I am trying to compress byte slices in Go using compress/gzip
. Whenever I compress slices with lengths longer than 2^15 on my laptop, every byte with an index of 2^15 or greater is set to 0 after decompression. When I run the same code on my research cluster it also breaks.
Calling go version
on my laptop prints:
$ go version
go version go1.5 darwin/amd64
Calling go version
on the cluster prints:
$ go version
go version go1.3.3 linux/amd64
Below is a demonstrative test file that I wrote. It generates random slices of different lengths, compresses them, then decompresses them. It checks that no calls returns errors and also checks that the compressed and decompressed slices are the same:
package compress
import (
"bytes"
"compress/gzip"
"math/rand"
"testing"
)
func byteSliceEq(xs, ys []byte) bool {
if len(xs) != len(ys) { return false }
for i := range xs {
if xs[i] != ys[i] { return false }
}
return true
}
func TestGzip(t *testing.T) {
tests := []struct {
n int
}{
{ 1<<10 },
{ 1<<15 },
{ 1<<15 + 1 },
{ 1<<20 },
}
rand.Seed(0)
for i := range tests {
n := tests[i].n
in, out := make([]byte, n), make([]byte, n)
buf := &bytes.Buffer{}
for i := range in { in[i] = byte(rand.Intn(256)) }
writer := gzip.NewWriter(buf)
_, err := writer.Write(in)
if err != nil {
t.Errorf("%d) n = %d: writer.Write() error: %s",
i + 1, n, err.Error())
}
err = writer.Close()
if err != nil {
t.Errorf("%d) n = %d: writer.Close() error: %s",
i + 1, n, err.Error())
}
reader, err := gzip.NewReader(buf)
if err != nil {
t.Errorf("%d) n = %d: gzip.NewReader error: %s",
i + 1, n, err.Error())
}
reader.Read(out)
err = reader.Close()
if err != nil {
t.Errorf("%d) n = %d: reader.Close() error: %s",
i + 1, n, err.Error())
}
if !byteSliceEq(in, out) {
idx := -1
for i := range in {
if in[i] != out[i] {
idx = i
break
}
}
t.Errorf("%d) n = %d: in[%d] = %d, but out[%d] = %d",
i + 1, n, idx, in[idx], idx, out[idx])
}
}
}
When I run this test, I get the following output:
$ go test --run "TestGzip"
--- FAIL: TestGzip (0.12s)
gzip_test.go:77: 3) n = 32769: in[32768] = 78, but out[32768] = 0
gzip_test.go:77: 4) n = 1048576: in[32768] = 229, but out[32768] = 0
FAIL
exit status 1
Does anyone know what is going on here? Am I misusing the package in some way? Let me know if I haven't given enough information.

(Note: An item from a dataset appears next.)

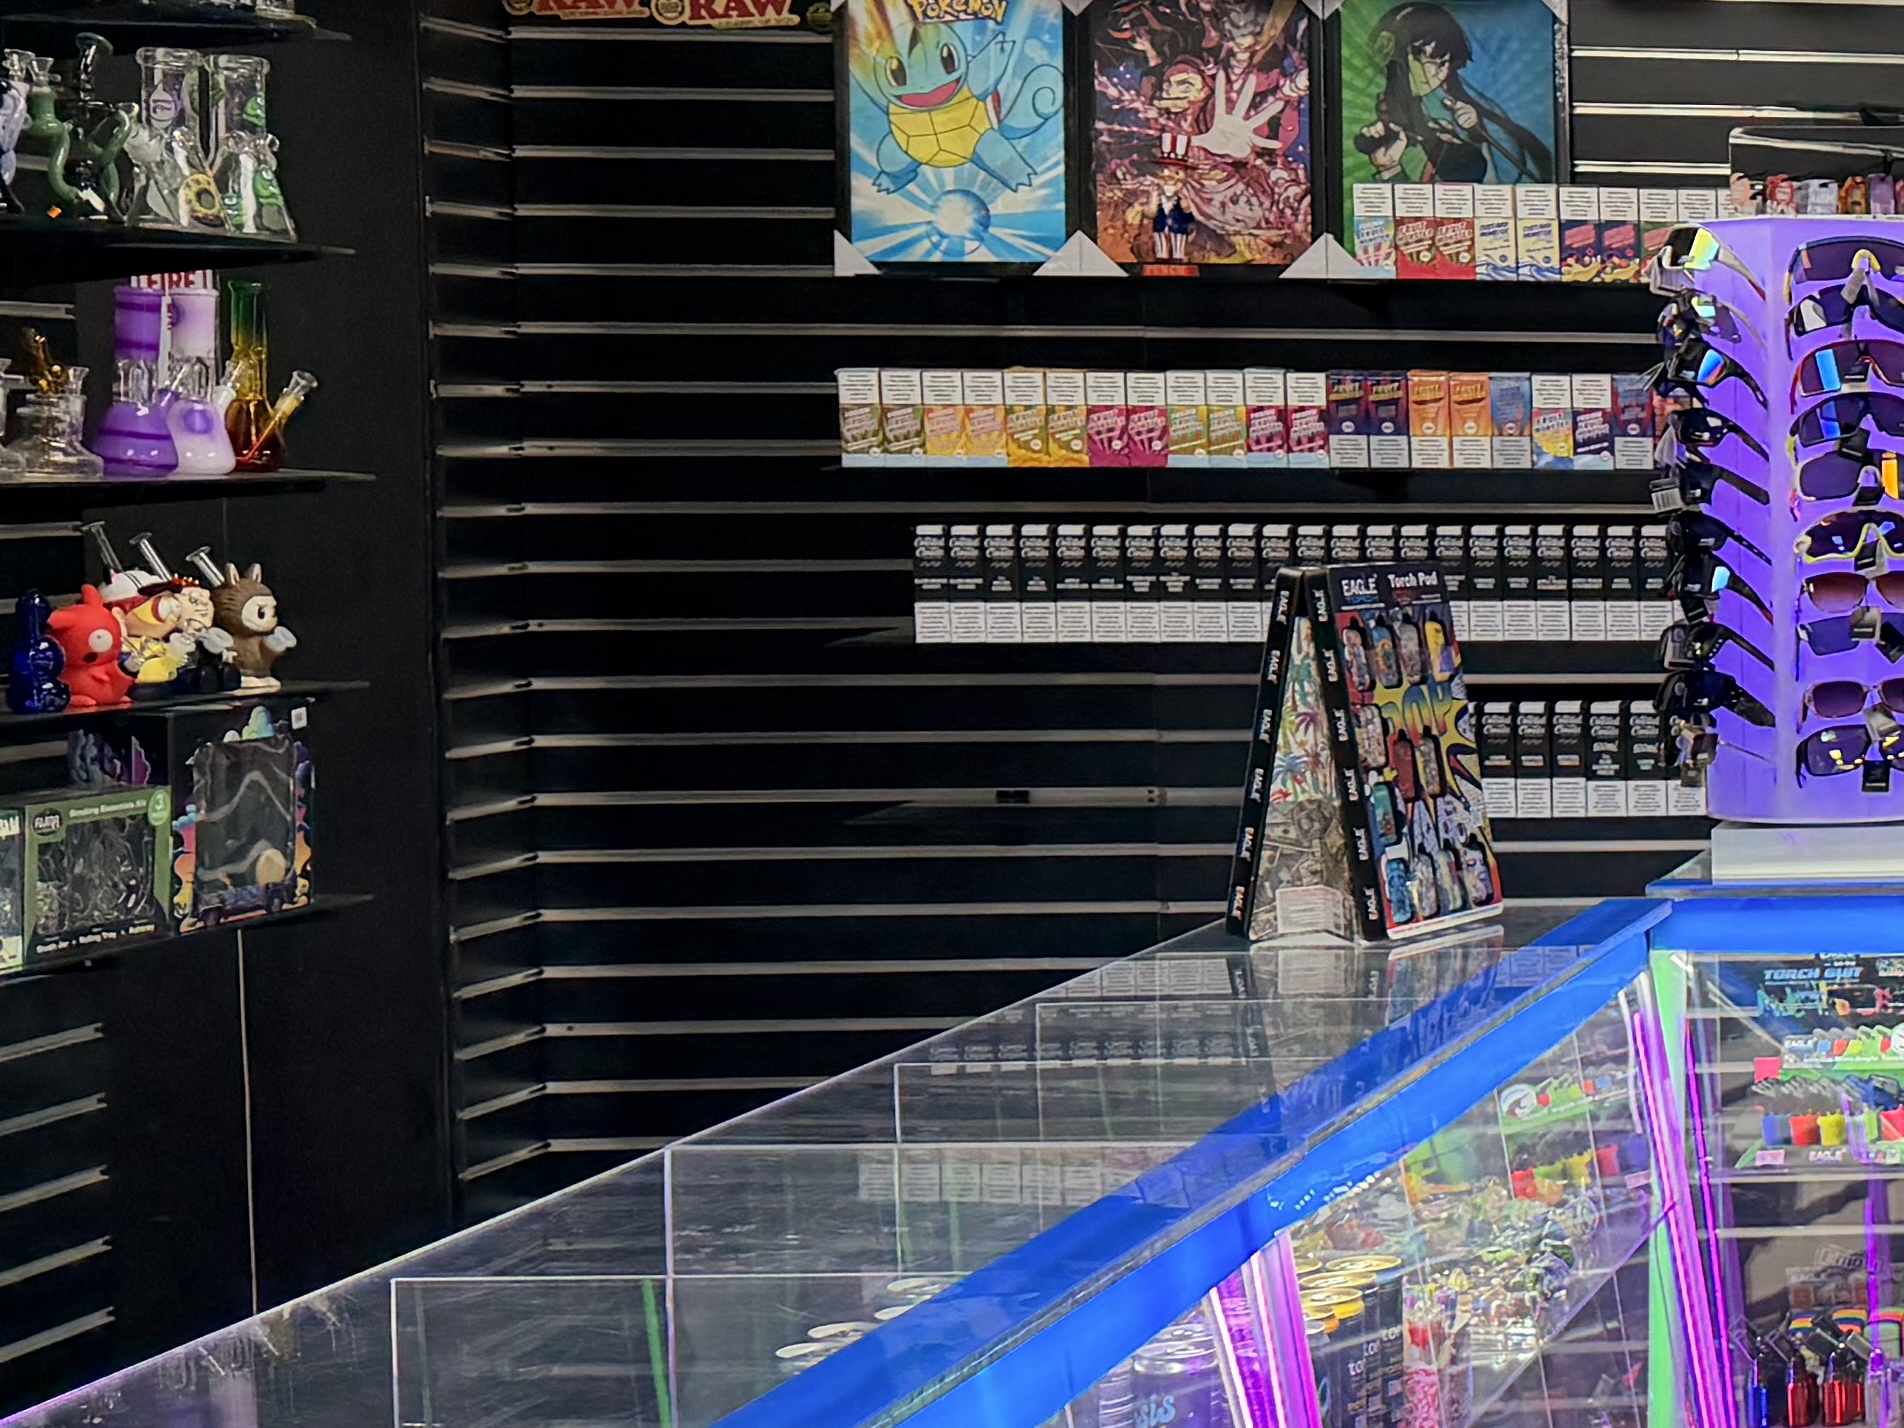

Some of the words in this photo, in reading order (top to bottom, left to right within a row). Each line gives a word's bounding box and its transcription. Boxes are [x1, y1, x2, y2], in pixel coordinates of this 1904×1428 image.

[1341, 577, 1377, 595] EAGLE
[1388, 574, 1417, 588] Torch
[1418, 571, 1437, 587] Pod
[1763, 967, 1819, 981] TORCH

The problem is in this line:
reader.Read(out)
There is no guarantee that Reader.Read()
will read the whole out
slice in one step.
gzip.Reader.Read()
is to implement io.Reader.Read()
.
Quoting from its doc (the "general contract"):
Read(p []byte) (n int, err error)
Read reads up to len(p) bytes into p.
There is no guarantee that Reader.Read()
will read until out
is filled, it may stop at fewer bytes if the implementation wishes so (even if EOF is not reached). If you pass a "big" slice, this may easily happen if an internal cache of the implementation is exhausted. Read()
returns the number of read bytes (and an error
), you may use that to check if the full slice was read.
Or even better, instead you may use io.ReadFull()
to make sure out
is read fully:
if _, err = io.ReadFull(reader, out); err != nil {
t.Errorf("Error reading full out slice:", err)
}
By applying this change, your test passes.